All the Feels: NVIDIA Shares Expressive Speech Synthesis Research at Interspeech

31/08/2021

AI has transformed synthesized speech from the monotone of robocalls and decades-old GPS navigation systems to the polished tone of virtual assistants in smartphones and smart speakers.

But there's still a gap between AI-synthesized speech and the human speech we hear in daily conversation and in the media. That's because people speak with complex rhythm, intonation and timbre that's challenging for AI to emulate.

The gap is closing fast: NVIDIA researchers are building models and tools for high-quality, controllable speech synthesis that capture the richness of human speech, without audio artifacts. Their latest projects are now on display in sessions at the Interspeech 2021 conference, which runs through Sept. 3.

These models can help voice automated customer service lines for banks and retailers, bring video-game or book characters to life, and provide real-time speech synthesis for digital avatars.

NVIDIA's in-house creative team even uses the technology to produce expressive narration for a video series on the power of AI.

Expressive speech synthesis is just one element of NVIDIA Research's work in conversational AI - a field that also encompasses natural language processing, automated speech recognition, keyword detection, audio enhancement and more.

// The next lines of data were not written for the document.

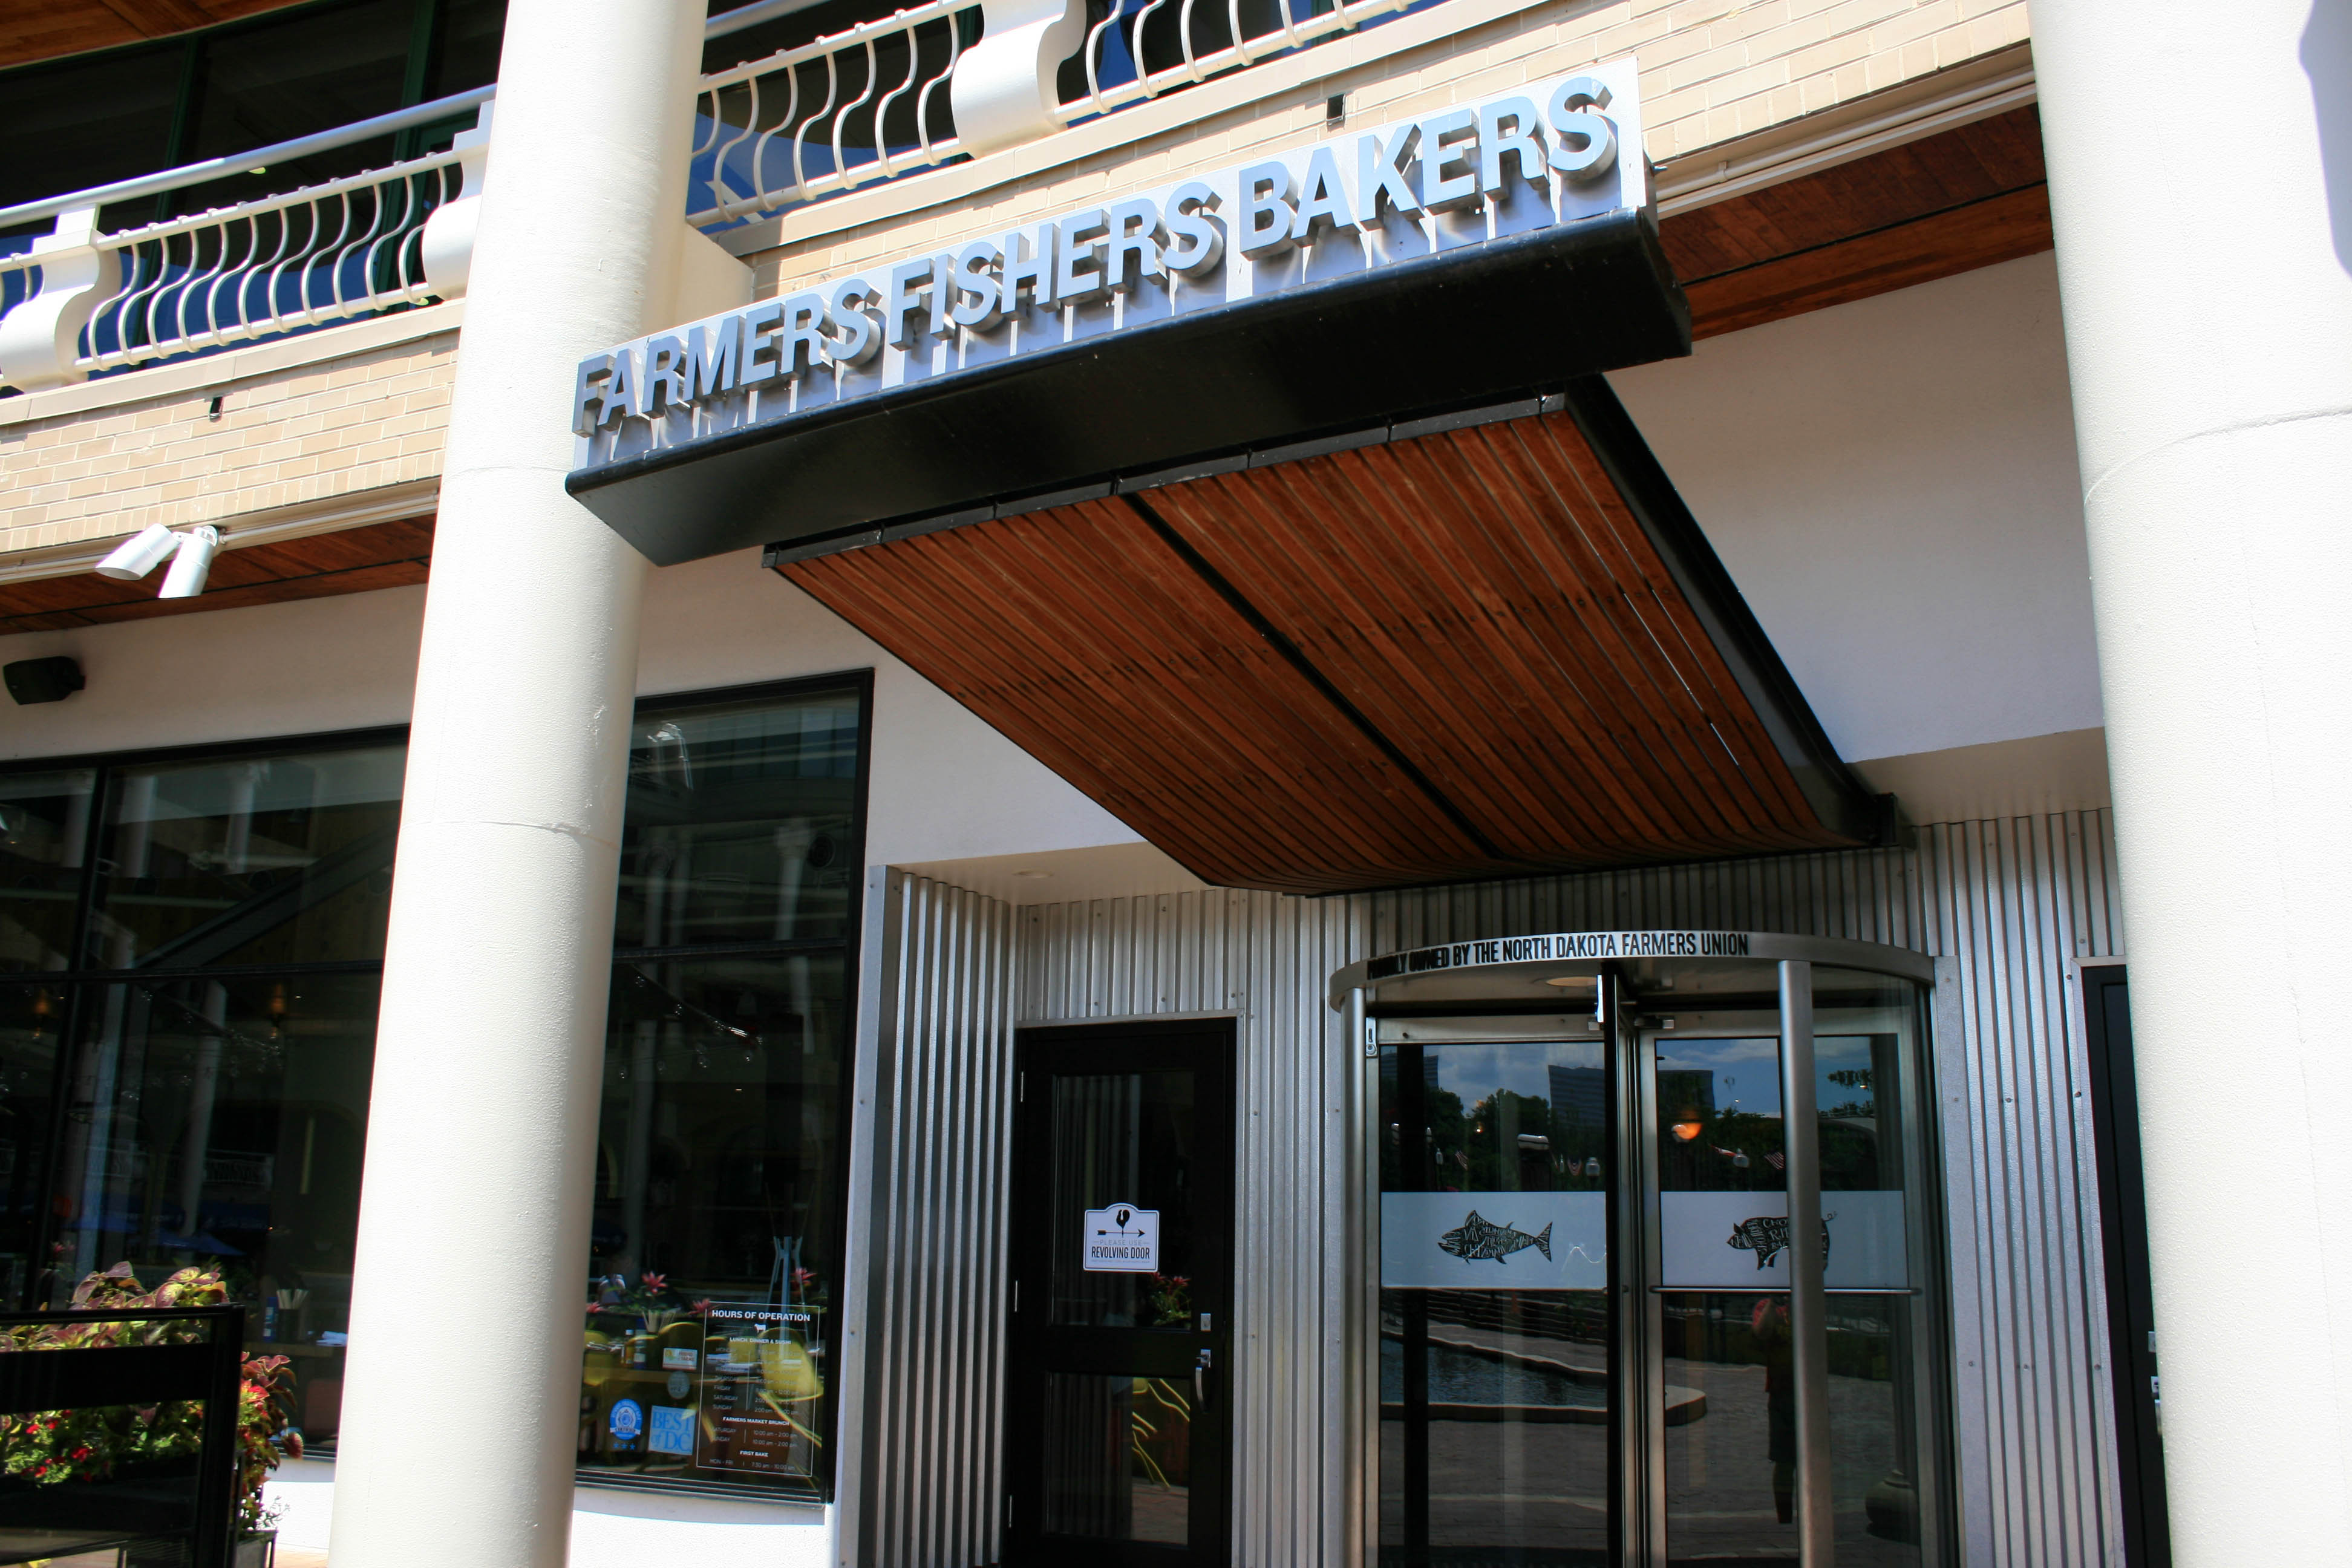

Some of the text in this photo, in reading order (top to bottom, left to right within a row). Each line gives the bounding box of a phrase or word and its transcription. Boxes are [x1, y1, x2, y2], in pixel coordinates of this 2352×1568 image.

[572, 76, 1617, 437] FARMERS FISHERS BAKERS
[1453, 944, 1471, 966] BY
[1473, 941, 1499, 964] THE
[1503, 938, 1550, 961] NORTH
[1556, 934, 1617, 958] DAKOTA
[1622, 933, 1694, 956] FARMERS
[1701, 933, 1749, 955] UNION
[1091, 1246, 1150, 1259] REVOLVING DOOR
[712, 1310, 743, 1318] HOURS
[759, 1312, 811, 1321] OPERATION
[653, 1411, 693, 1432] BEST

Optimized to run efficiently on NVIDIA GPUs, some of this cutting-edge work has been made open source through the NVIDIA NeMo toolkit, available on our NGC hub of containers and other software.

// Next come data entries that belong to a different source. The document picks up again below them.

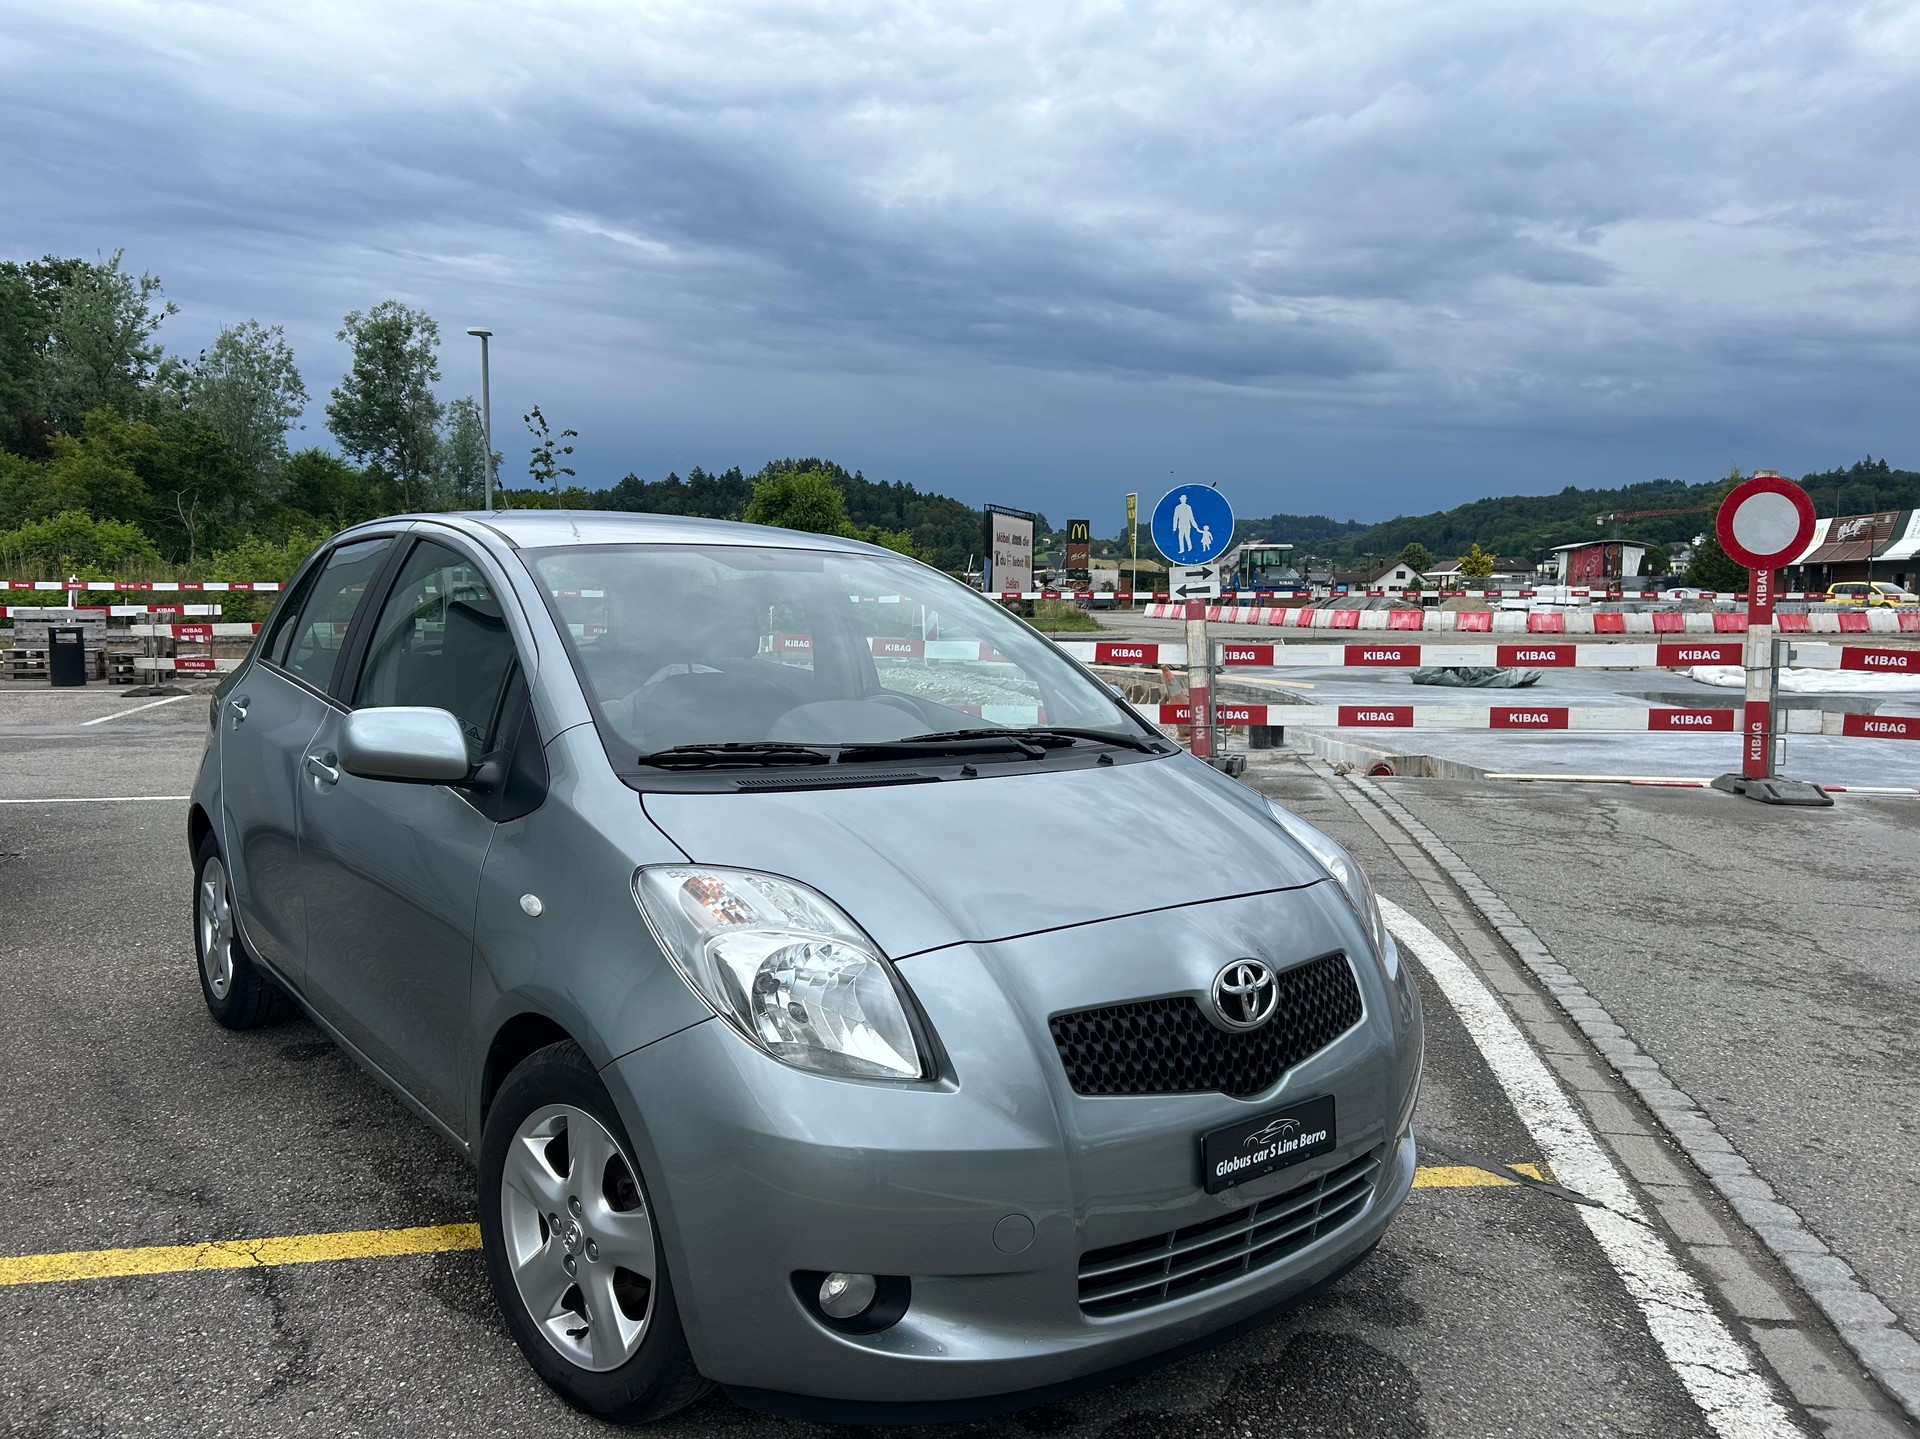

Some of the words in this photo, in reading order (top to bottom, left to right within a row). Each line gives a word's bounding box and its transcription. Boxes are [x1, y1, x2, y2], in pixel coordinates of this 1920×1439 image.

[1756, 569, 1768, 606] KIBAG
[784, 640, 810, 649] KIBAG
[885, 643, 912, 652] KIBAG
[1111, 648, 1143, 658] KIBAG
[1363, 650, 1401, 661] KIBAG
[1516, 650, 1556, 661] KIBAG
[1678, 650, 1721, 661] KIBAG
[1864, 655, 1908, 667] KIBAG
[1357, 711, 1395, 722] KIBAG
[1509, 713, 1549, 724] KIBAG
[1670, 714, 1713, 725] KIBAG
[1195, 705, 1206, 740] KIBAG
[1864, 721, 1907, 734] KIBAG
[1750, 721, 1763, 761] KIBAG
[1216, 1156, 1252, 1177] Globus
[1252, 1149, 1269, 1164] car
[1269, 1143, 1277, 1158] S
[1277, 1139, 1298, 1156] Line
[1299, 1129, 1327, 1148] Berro

Behind the Scenes of I AM AI NVIDIA researchers and creative professionals don't just talk the conversational AI talk. They walk the walk, putting groundbreaking speech synthesis models to work in our I AM AI video series, which features global AI innovators reshaping just about every industry imaginable.

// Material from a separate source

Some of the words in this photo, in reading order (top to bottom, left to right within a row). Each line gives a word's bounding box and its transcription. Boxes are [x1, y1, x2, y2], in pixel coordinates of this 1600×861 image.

But until recently, these videos were narrated by a human. Previous speech synthesis models offered limited control over a synthesized voice's pacing and pitch, so attempts at AI narration didn't evoke the emotional response in viewers that a talented human speaker could.

That changed over the past year when NVIDIA's text-to-speech research team developed more powerful, controllable speech synthesis models like RAD-TTS, used in our winning demo at the SIGGRAPH Real-Time Live competition. By training the text-to-speech model with audio of an individual's speech, RAD-TTS can convert any text prompt into the speaker's voice.

Another of its features is voice conversion, where one speaker's words (or even singing) is delivered in another speaker's voice. Inspired by the idea of the human voice as a musical instrument, the RAD-TTS interface gives users fine-grained, frame-level control over the synthesized voice's pitch, duration and energy.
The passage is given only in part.